Outside the Wyandotte County Courthouse in Kansas City, Kansas, a crowd gathered around Lamonte McIntyre.

It was October, on Friday the 13th, but McIntyre felt lucky. After serving 23 years in prison for a murder he did not commit, he became a free man.

“I felt human for the first time,” he says, recalling those first moments. “I felt like I had my life back.”

Just 2,100 men and women have been exonerated since 1989. Like McIntyre, half of all exonerees convicted of murder are black.

McIntyre’s case is not that unusual. Between 2.3 percent and 5 percent of the 2 million people in U.S. prisons did not commit the crime for which they’ve been convicted, according to studies cited by the Innocence Project, an organization that helps convicts seek exoneration. That means that up to 100,000 innocent people are serving time.

Most never have their convictions reversed.

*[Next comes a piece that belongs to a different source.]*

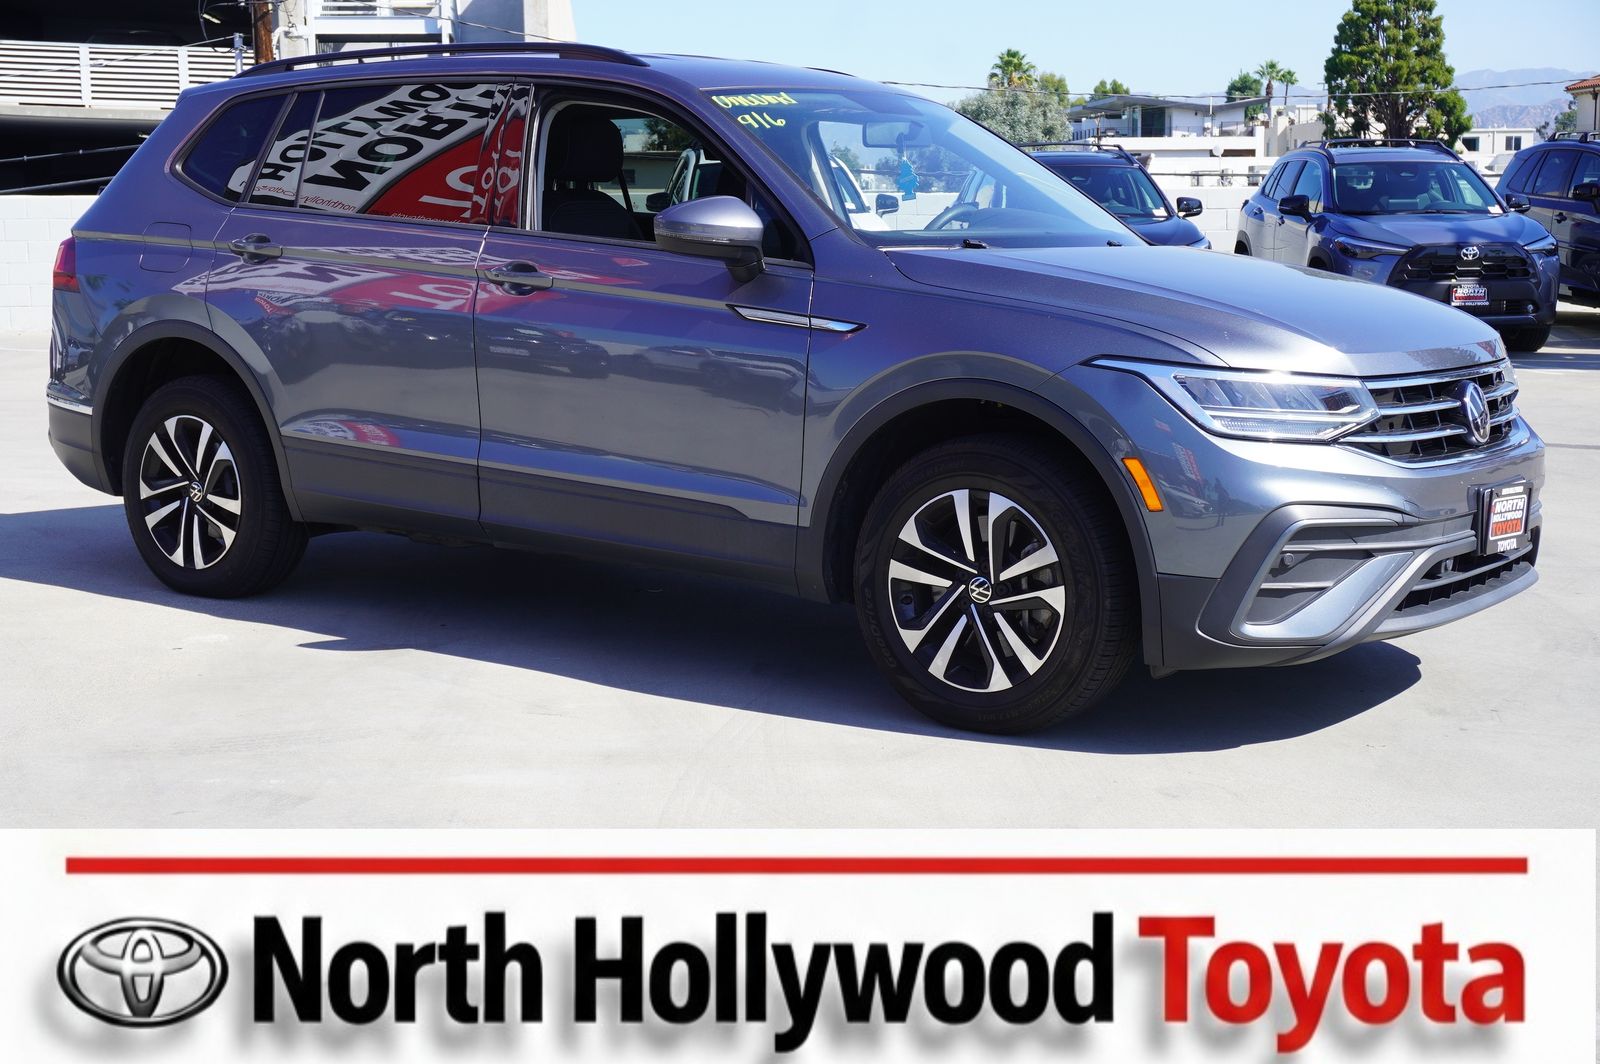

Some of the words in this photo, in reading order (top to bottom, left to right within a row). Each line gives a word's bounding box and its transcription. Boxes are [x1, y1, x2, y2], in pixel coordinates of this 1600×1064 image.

[1495, 498, 1525, 514] NORTH
[1493, 519, 1522, 537] TOYOTA
[1497, 538, 1517, 552] TOYOTA

McIntyre, now 41 years old, had been serving two life sentences for double homicide.

The murders occurred in broad daylight in 1994. Two men — Donald Ewing, 34, and Doniel Quinn, 21 — were sitting together in Ewing’s blue Cadillac, when reports say a short figure dressed in black opened fire with a shotgun.

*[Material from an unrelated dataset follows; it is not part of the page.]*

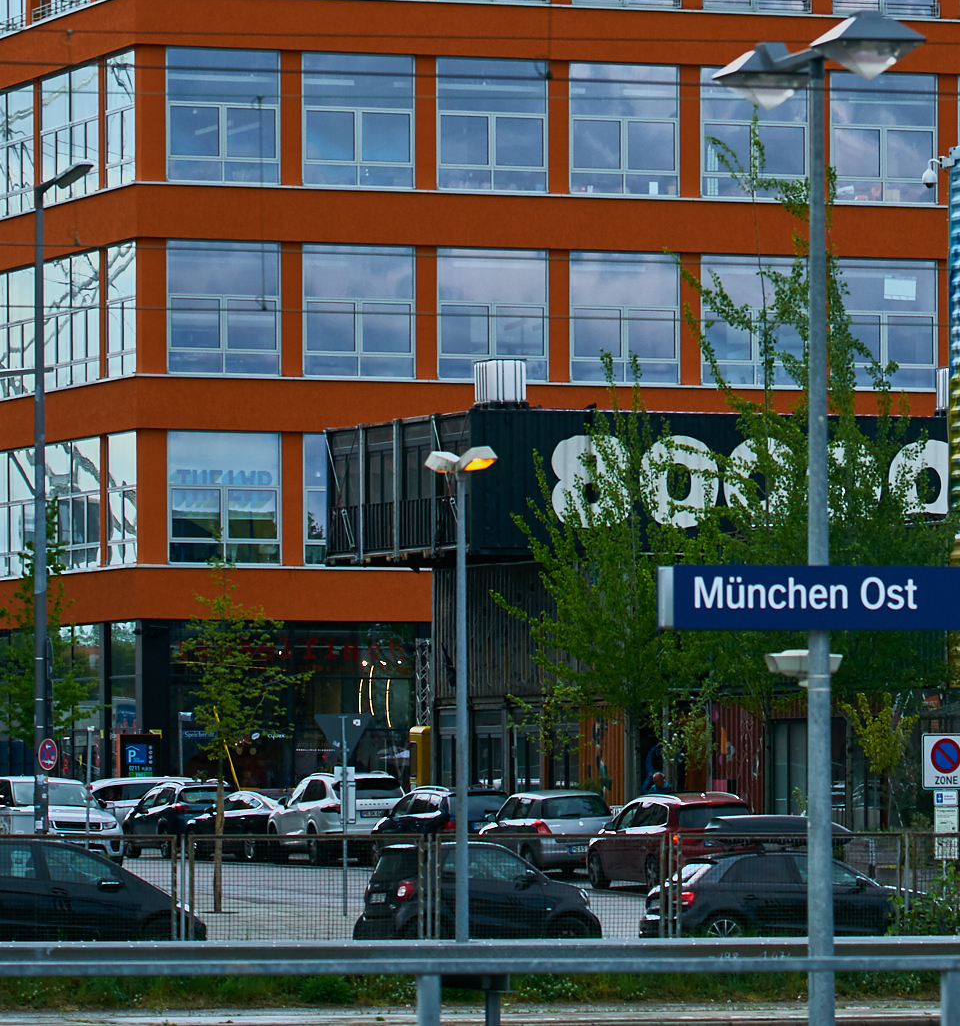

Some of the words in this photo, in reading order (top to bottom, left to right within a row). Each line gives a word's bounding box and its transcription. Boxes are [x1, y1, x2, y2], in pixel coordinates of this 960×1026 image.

[693, 576, 848, 610] München
[860, 576, 918, 610] Ost
[934, 775, 958, 785] ZONE

One eyewitness said she thought she knew the killer’s first name: Lamonte.

Within hours, 17-year-old high school student Lamonte McIntyre was in custody.

“It was scary because I was by myself,” says McIntyre. “It was everything that nightmares are made of.”

There were issues with the case, including the fact that there was no evidence that McIntyre knew the victims.

But according to attorney Cheryl Pilate, the biggest problem was the nature of the investigation led by then-Kansas City Police Detective Roger Golubski, who has since denied any wrongdoing.

“They did nothing to examine or analyze the forensics, didn’t look for the weapon, didn’t look for the getaway car,” says Pilate, who was part of the team that helped exonerate McIntyre.

The case rested on two eyewitness accounts that Pilate described as “incredibly brief, incredibly superficial, almost meaningless interviews that, all told, added up to 19 1/2 minutes.”

McIntyre’s conviction brought no relief to Saundra Newsom, the mother of murder victim Doniel Quinn.

She says she knew “from the beginning” that McIntyre was innocent.

“Don’s father told me they got the wrong guy,” she says, referring to John Quinn, one of several family members who saw the murderer fleeing the scene.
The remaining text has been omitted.